The guest soloist for this month’s Madison Symphony Orchestra program is pianist Marc-André Hamelin. He is an extraordinarily virtuosic player, which contrasts the more with his self-contained playing manner.
Not content with one vehicle, he brought two. The first is a most unusual choice, the Burleske by Richard Strauss. This was a product of the composer's youthful apprenticeship. One does not associate Strauss with the concerto form (though he also wrote a violin concerto, and later ones for winds), and his ambivalence is suggested in the title he eventually chose.
What is a burlesque but a spoof or a parody? By pitting a hugely demanding piano part against a timpanist (who has the first and last notes), Strauss is all but mocking the idea of an all-dominant soloist. The timpanist teases and jabs the pianist, as if stealing the show, in the equivalent of a concerto first movement that runs a good 20 minutes. Well, Hamelin does put up a glorious fight.
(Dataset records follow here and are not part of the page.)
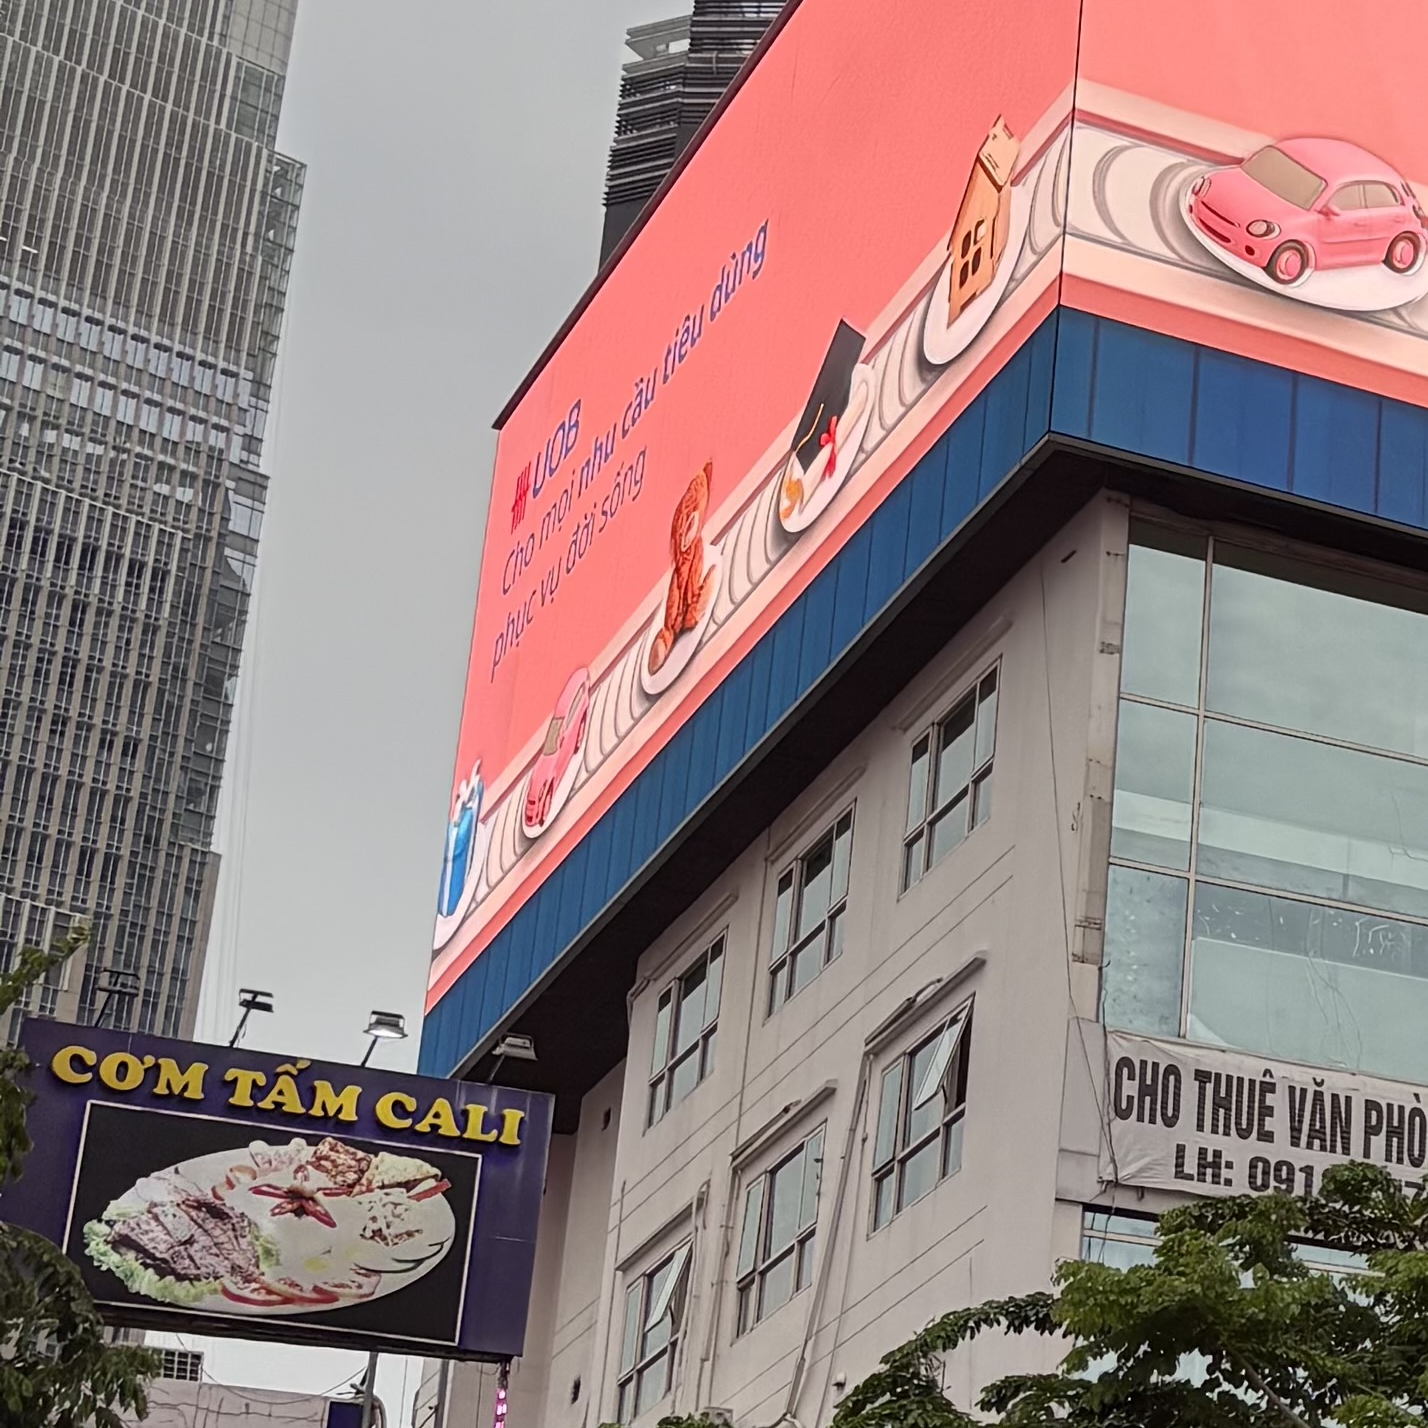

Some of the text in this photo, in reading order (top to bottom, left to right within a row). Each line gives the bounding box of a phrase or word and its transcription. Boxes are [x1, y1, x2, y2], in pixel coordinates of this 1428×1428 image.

[502, 219, 770, 597] Cho mọi nhu cầu tiêu dùng
[532, 398, 582, 496] UOB
[490, 589, 536, 684] phục
[537, 561, 562, 603] vụ
[597, 446, 648, 535] sống
[50, 1043, 527, 1147] CƠM TẤM CALI
[1113, 1055, 1181, 1129] CHO
[1193, 1068, 1277, 1144] THUÊ
[1287, 1076, 1352, 1157] VĂN
The other vehicle, after the intermission, is Maurice Ravel’s Concerto in G. Relatively compact, it packages a dreamy middle movement between two brash ones. Those represent Ravel’s very personal assimilation of African-American jazz and blues, which were all the rage among French musicians in the 1920s. Again, Hamelin’s playing is simply dazzling.
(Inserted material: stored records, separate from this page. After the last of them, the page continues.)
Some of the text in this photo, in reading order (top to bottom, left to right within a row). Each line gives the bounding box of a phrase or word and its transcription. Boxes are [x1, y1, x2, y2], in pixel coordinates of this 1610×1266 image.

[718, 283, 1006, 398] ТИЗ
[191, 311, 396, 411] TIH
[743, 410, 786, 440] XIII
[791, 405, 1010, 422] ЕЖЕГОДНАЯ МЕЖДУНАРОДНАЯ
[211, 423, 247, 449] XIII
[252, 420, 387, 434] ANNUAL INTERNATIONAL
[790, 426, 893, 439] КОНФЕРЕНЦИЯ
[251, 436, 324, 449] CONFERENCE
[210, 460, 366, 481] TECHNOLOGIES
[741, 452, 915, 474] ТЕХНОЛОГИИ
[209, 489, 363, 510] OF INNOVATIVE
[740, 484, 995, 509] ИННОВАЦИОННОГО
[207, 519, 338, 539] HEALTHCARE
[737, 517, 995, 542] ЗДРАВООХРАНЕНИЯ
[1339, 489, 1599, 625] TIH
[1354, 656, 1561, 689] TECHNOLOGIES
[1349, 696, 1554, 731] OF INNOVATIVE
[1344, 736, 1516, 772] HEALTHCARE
Hamelin is clearly one of the great pianists of our day.
In further generosity, he also plays an encore — on Friday evening it was Rachmaninoff’s Prelude in G-sharp minor.
At either end of the program, the orchestra has its own opportunities to shine. Mozart’s Symphony No. 38 in D (KV 504) generally languishes in the shadows of Nos. 39, 40 and 41, regarded as the plateau of greatness. But No. 38 belongs with them, as perhaps the most unconventional and innovative of his mature symphonies. Known as the “Prague Symphony,” it was named after his favorite city, where his operas were great hits. Appropriately, operatic qualities bubble over here, too.
And, at the end there is Claude Debussy’s La Mer (The Sea). Forget about the clichés of “Impressionism”— a term the composers and painters labeled with it rightly detested. By evoking the sea, which had a lifelong fascination for him, Debussy was initiating Modern Music, with its restrictions on thematic material in favor of rhythms and colors. Conductor John DeMain and his players give their all for rousing sonority.
The program is repeated Saturday evening April 13 at 7:30 p.m., and Sunday April 14 at 2 p.m.